This site uses cookies. By continuing to browse the site you are agreeing to our use of cookies. Find out more here.  
  • Delicious




Isle Of Man Provider Offers Investment Product For Expatriates

Investors Offshore, London

08 October 2002

Ernst & Young Isle of Man is offering a tax-efficient Offshore Property Bond which is specifically targeted at expatriates or other UK-domiciled individuals who plan an eventual return to tax residence in the UK.

The Offshore Property Bond uses an offshore life insurance bond for UK tax deferral on investment property and other assets.
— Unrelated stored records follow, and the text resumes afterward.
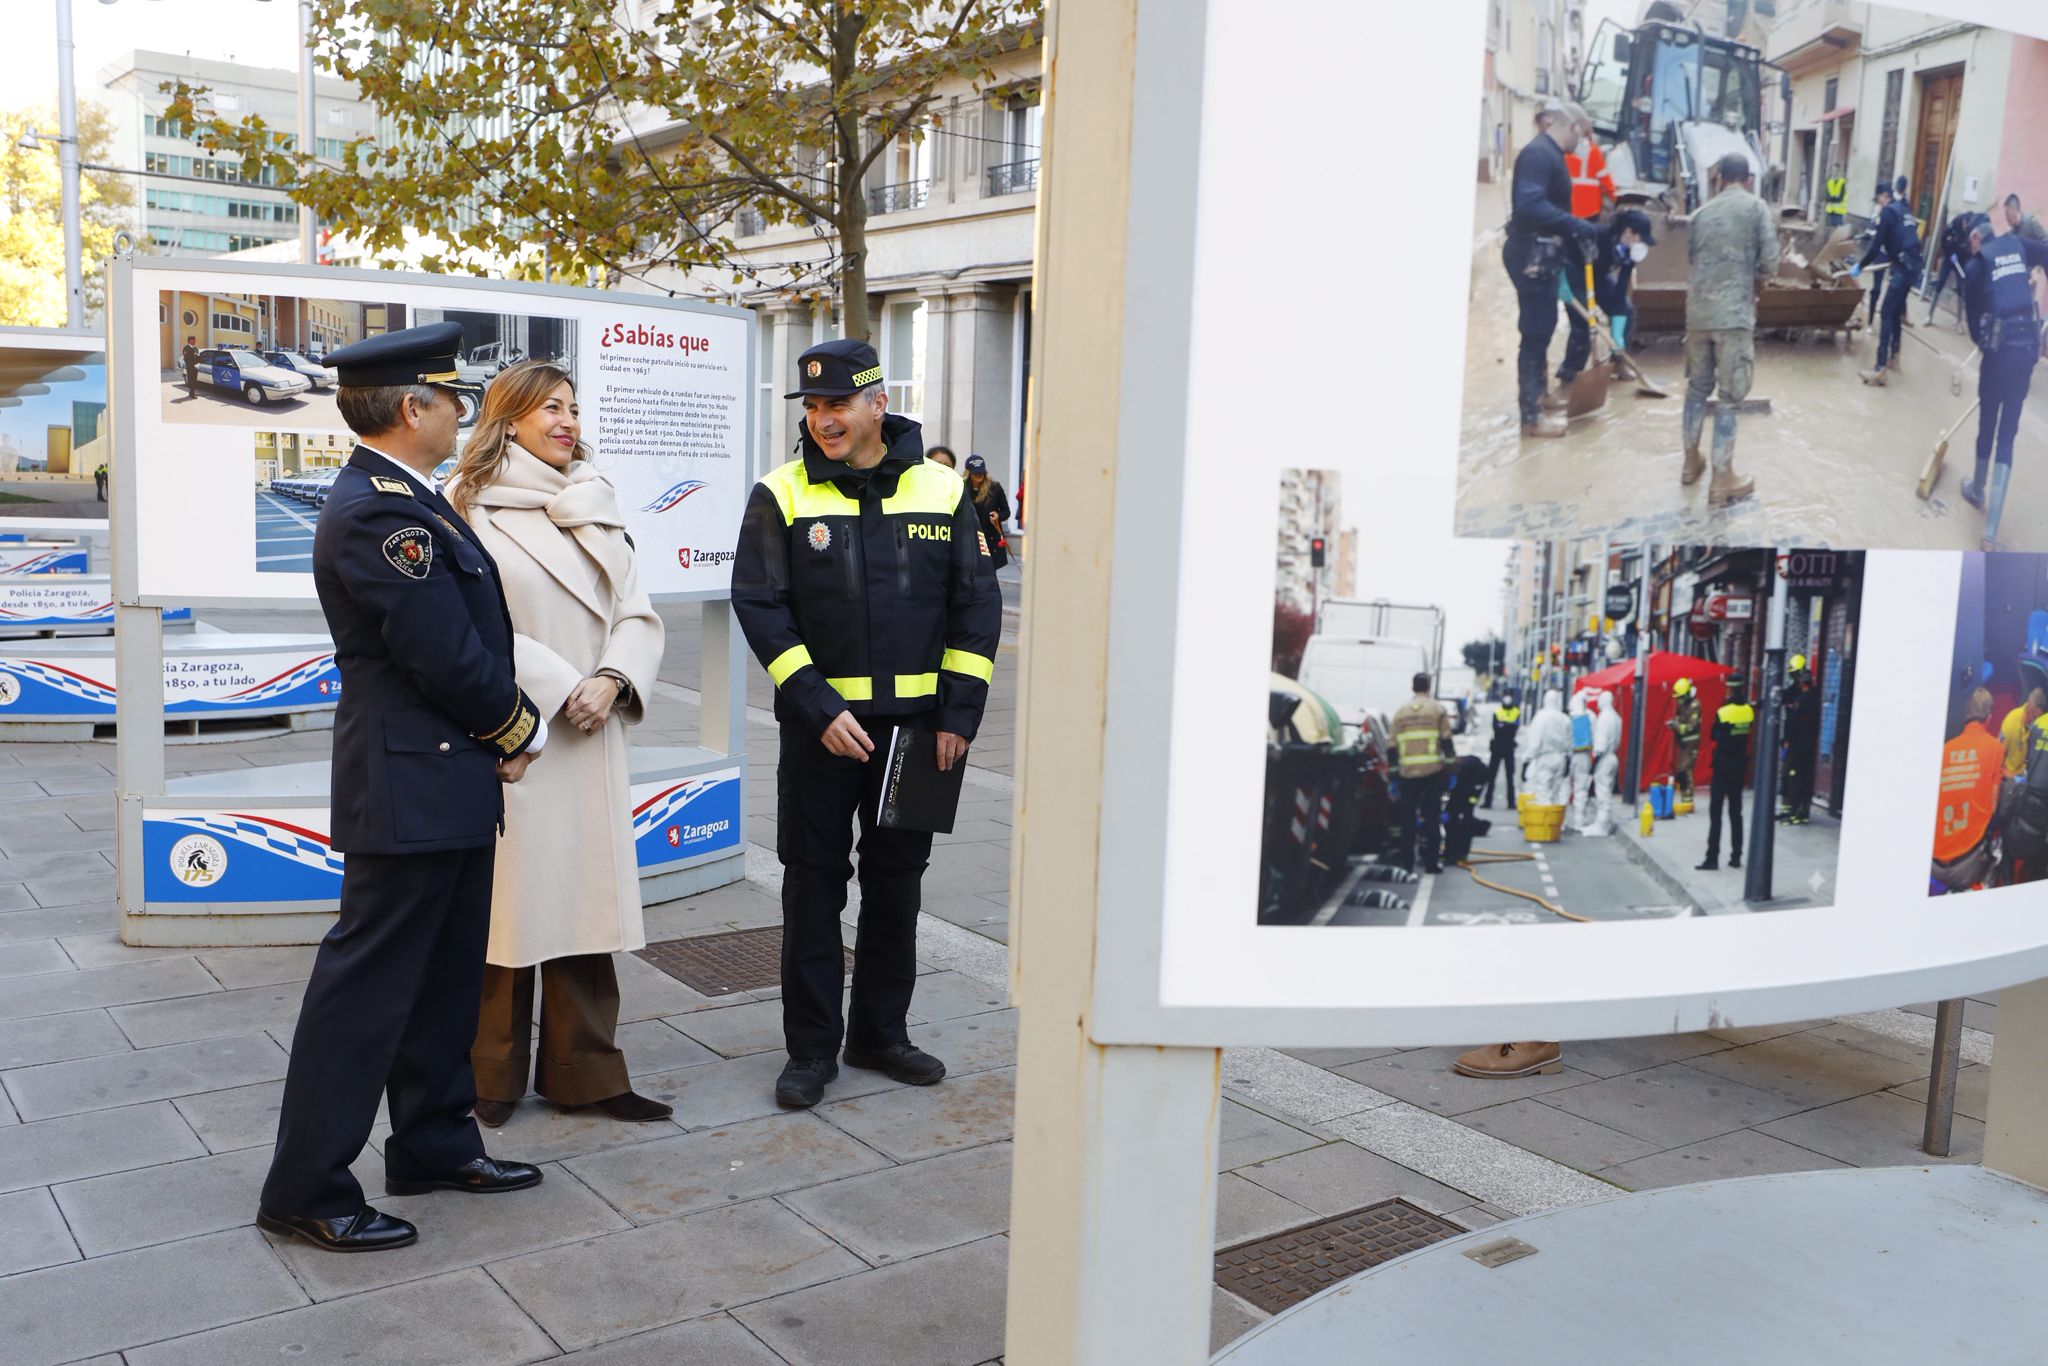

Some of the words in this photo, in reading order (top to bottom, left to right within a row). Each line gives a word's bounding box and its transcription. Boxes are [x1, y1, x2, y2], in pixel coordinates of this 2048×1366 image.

[601, 323, 674, 348] ¿Sabías
[679, 335, 709, 357] que
[609, 354, 631, 363] primer
[632, 356, 650, 364] coche
[650, 358, 674, 367] patrulla
[600, 363, 622, 372] ciudad
[606, 384, 612, 392] El
[613, 385, 635, 395] primer
[675, 390, 693, 399] ruedas
[599, 396, 612, 404] que
[642, 397, 659, 406] hasta
[660, 398, 679, 407] finales
[679, 400, 687, 408] de
[687, 400, 695, 408] los
[599, 406, 641, 415] motocicletas
[642, 409, 647, 417] y
[647, 408, 684, 418] ciclomotores
[684, 410, 700, 419] desde
[700, 411, 708, 419] los
[599, 415, 608, 423] En
[609, 416, 626, 425] 1966
[634, 417, 669, 427] adquirieron
[680, 421, 713, 430] motocicletas
[599, 426, 629, 436] (Sanglas)
[629, 429, 634, 437] y
[644, 428, 658, 436] Seat
[675, 430, 692, 438] Desde
[621, 438, 647, 446] contaba
[659, 439, 682, 447] decenas
[682, 440, 689, 448] de
[599, 447, 633, 456] actualidad
[907, 523, 952, 542] POLICI
[387, 530, 425, 549] ZARAGOZA
[693, 549, 735, 566] Zaragoza
[44, 589, 91, 599] Zaragoza,
[1, 600, 29, 608] desde
[33, 600, 58, 610] 1850,
[79, 599, 100, 608] lado
[181, 662, 244, 675] Zaragoza,
[165, 678, 199, 690] 1850,
[202, 679, 210, 687] a
[213, 677, 227, 687] tu
[230, 675, 256, 686] lado
[683, 819, 729, 839] Zaragoza
[183, 869, 214, 882] 175
On return to the UK such investments are normally subject to UK income tax (up to 40%), or capital gains tax (up to 40%) and eventually UK inheritance tax (up to 40%).

There are a number of investment products which are designed to be tax efficient, notably offshore insurance bonds. However, most such policies are very restrictive in the assets that can be held (typically cash and collective investments, e.g. unit trusts). The Offshore Property Bond is a tax effective "wrapper" which is able to
hold any investment but is particularly suited to holding UK investment property.
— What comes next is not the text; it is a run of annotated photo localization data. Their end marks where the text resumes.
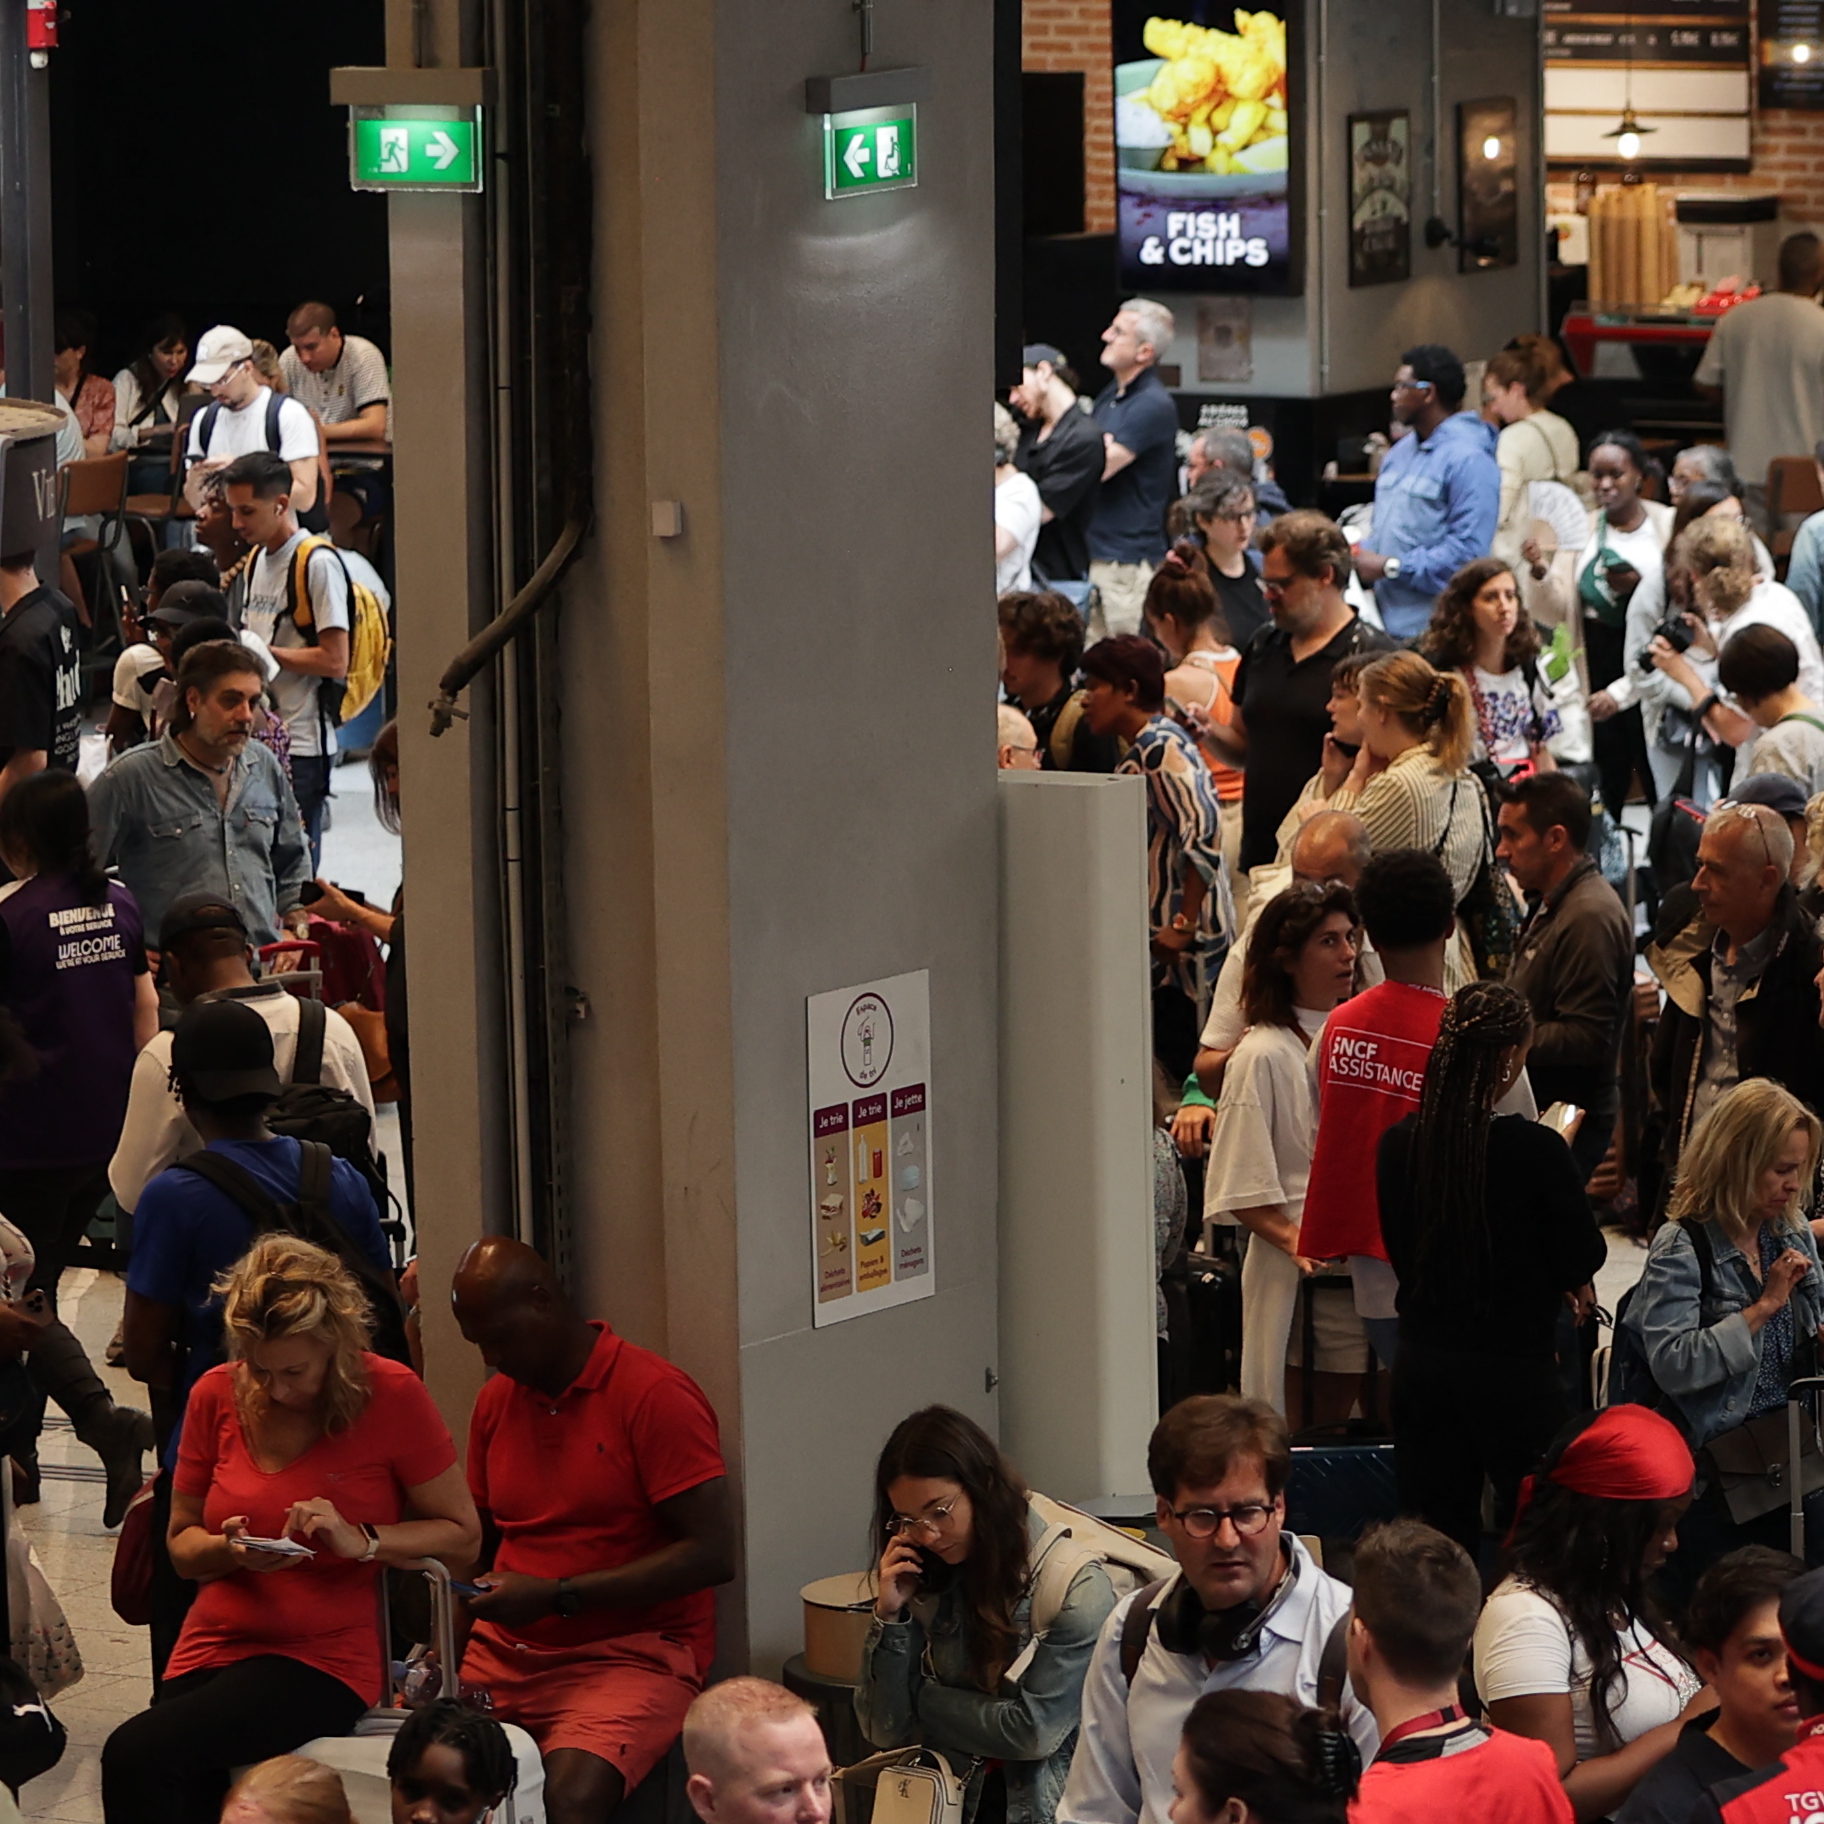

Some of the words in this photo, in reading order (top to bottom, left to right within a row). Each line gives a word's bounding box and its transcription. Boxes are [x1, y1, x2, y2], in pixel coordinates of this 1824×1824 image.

[1167, 211, 1241, 239] FISH
[1140, 236, 1164, 266] &
[1168, 237, 1270, 267] CHIPS
[58, 933, 122, 960] WELCOME
[1332, 1036, 1379, 1060] SNCF
[1328, 1056, 1425, 1091] ASSISTANCE
[857, 1106, 867, 1119] Je
[868, 1102, 882, 1116] trie
[894, 1097, 904, 1109] Je
[904, 1094, 923, 1110] jette
[819, 1115, 829, 1129] Je
[829, 1112, 844, 1126] trie
The benefits of the Offshore Property Bond include:

  • Ability to hold UK investment property and other investments not permitted by most offshore life insurance products;
  • Assets within the Bond can be bought and sold without limit and without a UK tax charge arising and so can grow indefinitely in a tax free environment (gross roll-up);
  • The structure permits back to back loans to be put in place to enable interest to be offset against rental income up to Inland Revenue limits;
  • Where applicable deemed gains, resulting from the Personal Portfolio Bonds (Tax) Regulations 1999 (PPB Regs) are deferred indefinitely;
  • The initial premium can be withdrawn tax free from the structure;
  • Additional withdrawals can be made at any time. Such payments will be taxed in the UK as income rather than capital gains;
  • This structure may be unwound tax free if the client becomes non-UK resident just for the year that the distribution is made (rather than 5 years for capital gains tax).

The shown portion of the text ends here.